Por seu lado, a cultura portuguesa inclui uma tradição ligada às abóboras, assinalada a 2 de Novembro, aquando do Dia de Fiéis Defuntos. Hoje em dia essa prática já não é muito comum, mas antigamente viam-se crianças, regra geral pobres, a fazer peditórios enquanto entoavam uma música intitulada “Bolinhos e bolinhós” [ver caixa]. “As crianças efectivamente acabavam por pegar em abóboras e fazer-lhes orifícios, de modo a imitarem no vegetal o rosto humano”. Apesar disso “não havia nesse tipo de manifestação qualquer espécie de evocação explícita à bruxa”. Servia mais como uma forma de “atenuar o peso extremo da época em que evocamos os que já partiram”. O tema musical, acrescenta o docente, “com um vocabulário relativamente próximo”, é provável que “seja bastante antigo”. “De acordo com determinado tipo de referências literárias que encontramos, nomeadamente em Gil Vicente, é capaz de remontar a períodos medievais”, conclui.

Indicar há quanto tempo se celebra em Portugal o Dias das Bruxas é “muito difícil”, afiança Amadeu Carvalho Homem. “Se entramos em linha de conta com o carácter relativamente recente deste tipo de celebrações e festividades, diria que, com este aspecto um pouco grotesco e festivaleiro, é uma aquisição de fins do século XX”. 

O elogio à vida é ainda manifestado sob outras práticas, nomeadamente a refeição que pode ser feita, por estranho que pareça, por ocasião da evocação da morte de um ente querido. “Não é propriamente uma tradição portuguesa, mas é de alguma forma uma tentativa de acentuar o primado da alegria de viver. E é um pouco a celebração do hedonismo sobre aquelas forças que privaram o Homem do amanhã”.  

Caniceira “deu à luz” abóbora gigante

Maria Domingues Cardoso e Alcides da Cruz Casaca, residentes em Caniceira freguesia da Tocha, são os orgulhosos proprietários de uma abóbora de dimensões impressionantes. Pesa 60 quilogramas e, enquanto estava plantada no terreno em frente à habitação do casal, era comum verem-se curiosos a comtemplá-la. “Passavam por aqui, paravam e diziam ‘que grandes abóboras’”, afirmou Maria Domingues Cardoso. “Abóboras”, no plural, porque ao seu lado desenvolveu-se outro vegetal, embora mais leve, mas mesmo assim com 45 quilogramas. “Plantamos abóboras todos os anos. Este ano nasceram dois pés junto ao muro. Nunca lhe deitámos adubo. Ultimamente só os regávamos de dois em dois dias”.

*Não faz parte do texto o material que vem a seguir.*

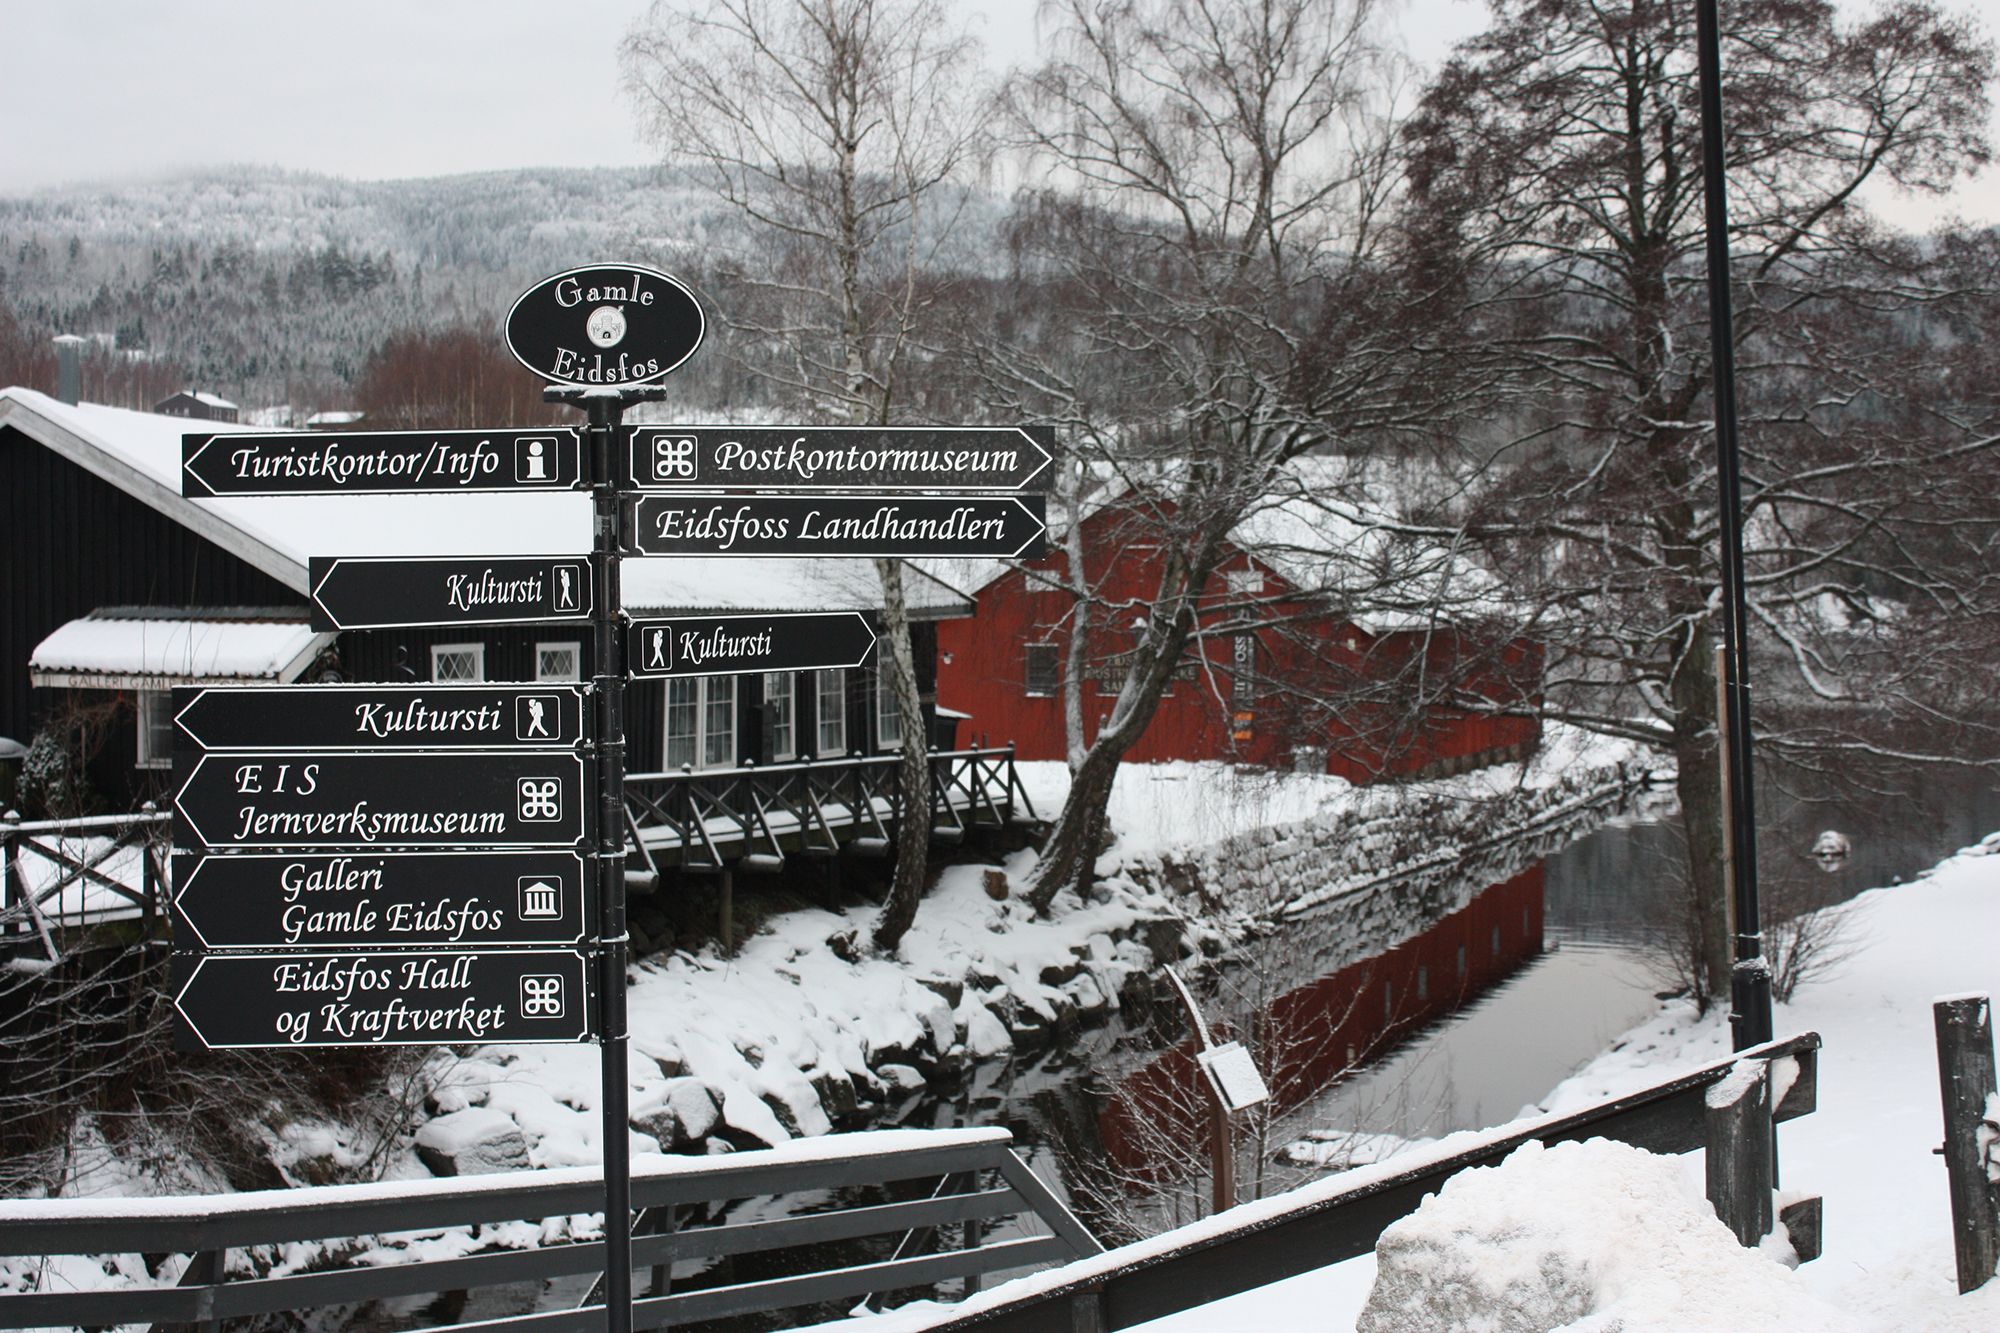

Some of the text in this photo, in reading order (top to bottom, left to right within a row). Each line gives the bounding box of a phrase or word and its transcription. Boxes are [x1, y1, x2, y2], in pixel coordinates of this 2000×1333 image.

[554, 274, 655, 308] Gamle
[550, 346, 660, 383] Eidsfos
[231, 440, 500, 485] Turistkontor/Info
[714, 437, 1019, 479] Postkontormuseum
[655, 505, 1007, 549] Eidsfoss Landhandleri
[446, 568, 543, 611] Kultursti
[679, 625, 773, 665] Kultursti
[355, 698, 502, 738] Kultursti
[233, 801, 506, 842] Jernverksmuseum
[280, 858, 385, 902] Galleri
[281, 898, 504, 944] Gamle Eidsfos
[273, 955, 479, 1001] Eidsfos Hall
[275, 997, 505, 1043] og Kraftverket
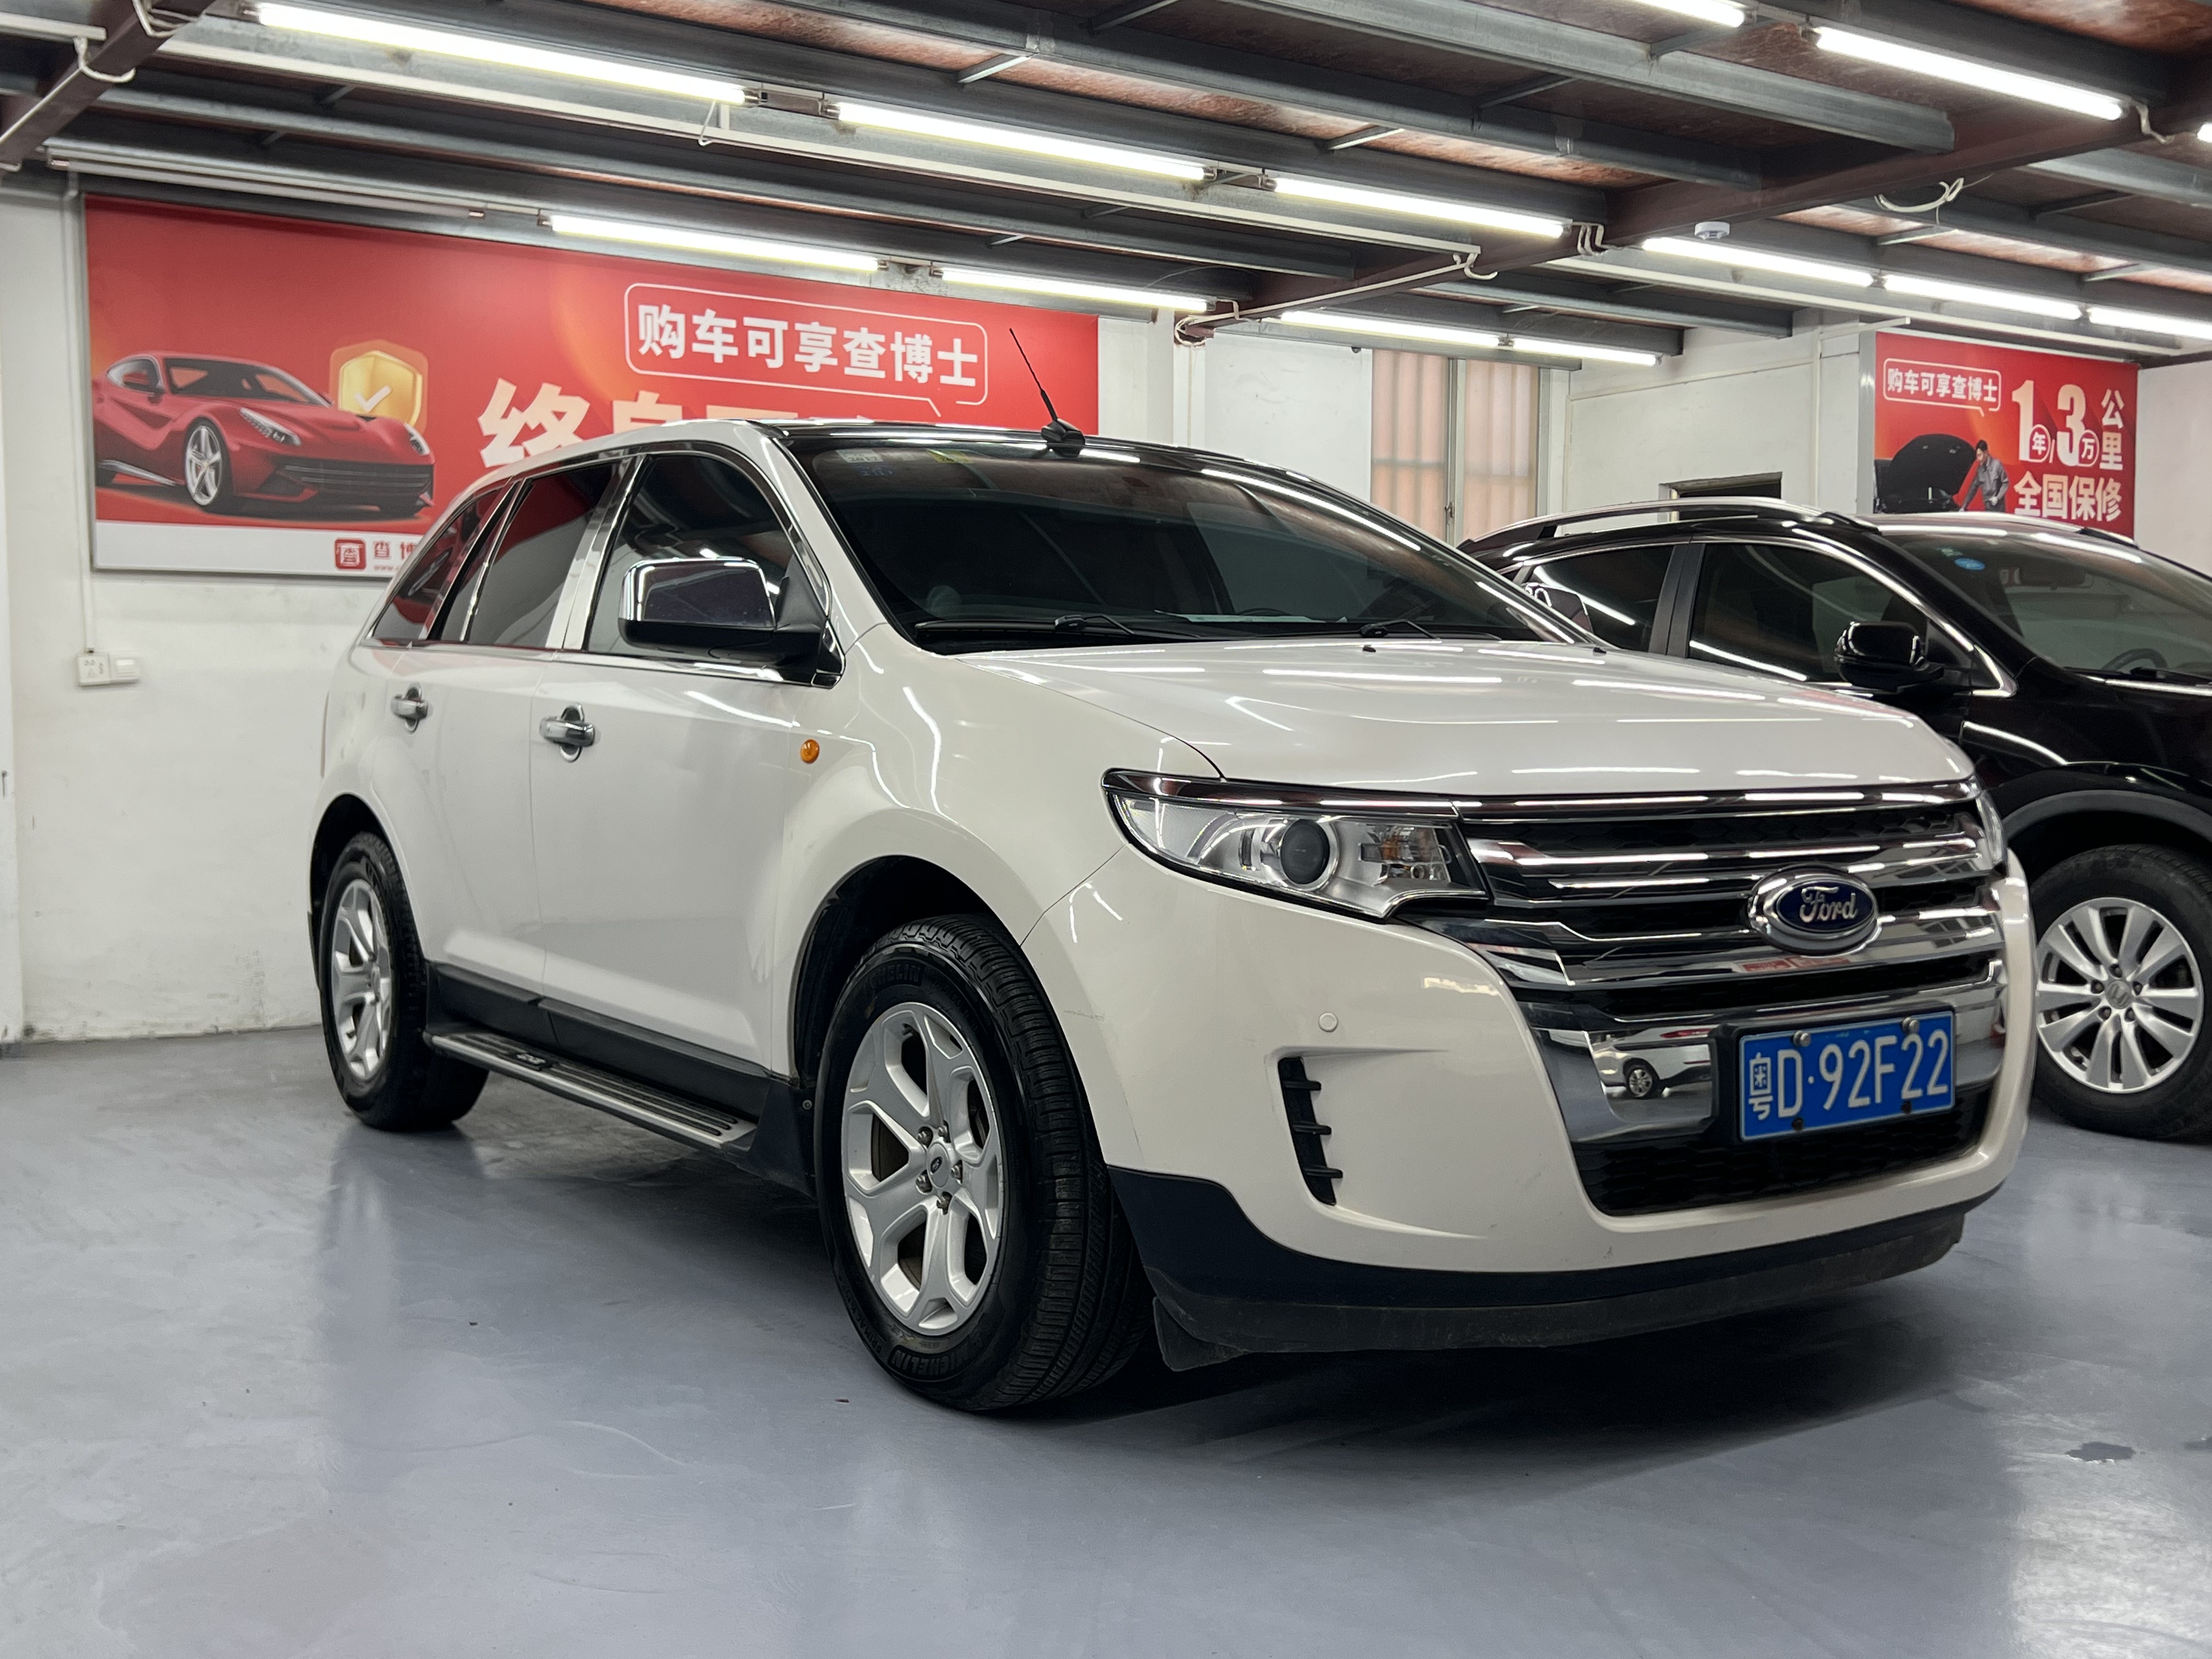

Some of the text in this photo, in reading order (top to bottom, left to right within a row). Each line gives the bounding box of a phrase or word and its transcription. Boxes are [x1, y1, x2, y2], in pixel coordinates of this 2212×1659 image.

[637, 304, 979, 387] 购车可享查博士
[1887, 368, 1999, 403] 购车可享查博士
[2014, 471, 2122, 522] 全国保修
[1799, 885, 1858, 923] Ford

Aos dois exemplares juntaram-se muitos outros, mais pequenos, tantos que o casal já lhes perdeu a conta. A colheita foi feita de forma célere por “medo que as roubassem”. Apesar de uma abóbora com aquele peso ser um facto inédito para os dois reformados, já não é a primeira vez que assistem a um fenómeno incomum. “Há muitos anos tivemos um pé que deu 13 abóboras, mas não eram assim um exagero”.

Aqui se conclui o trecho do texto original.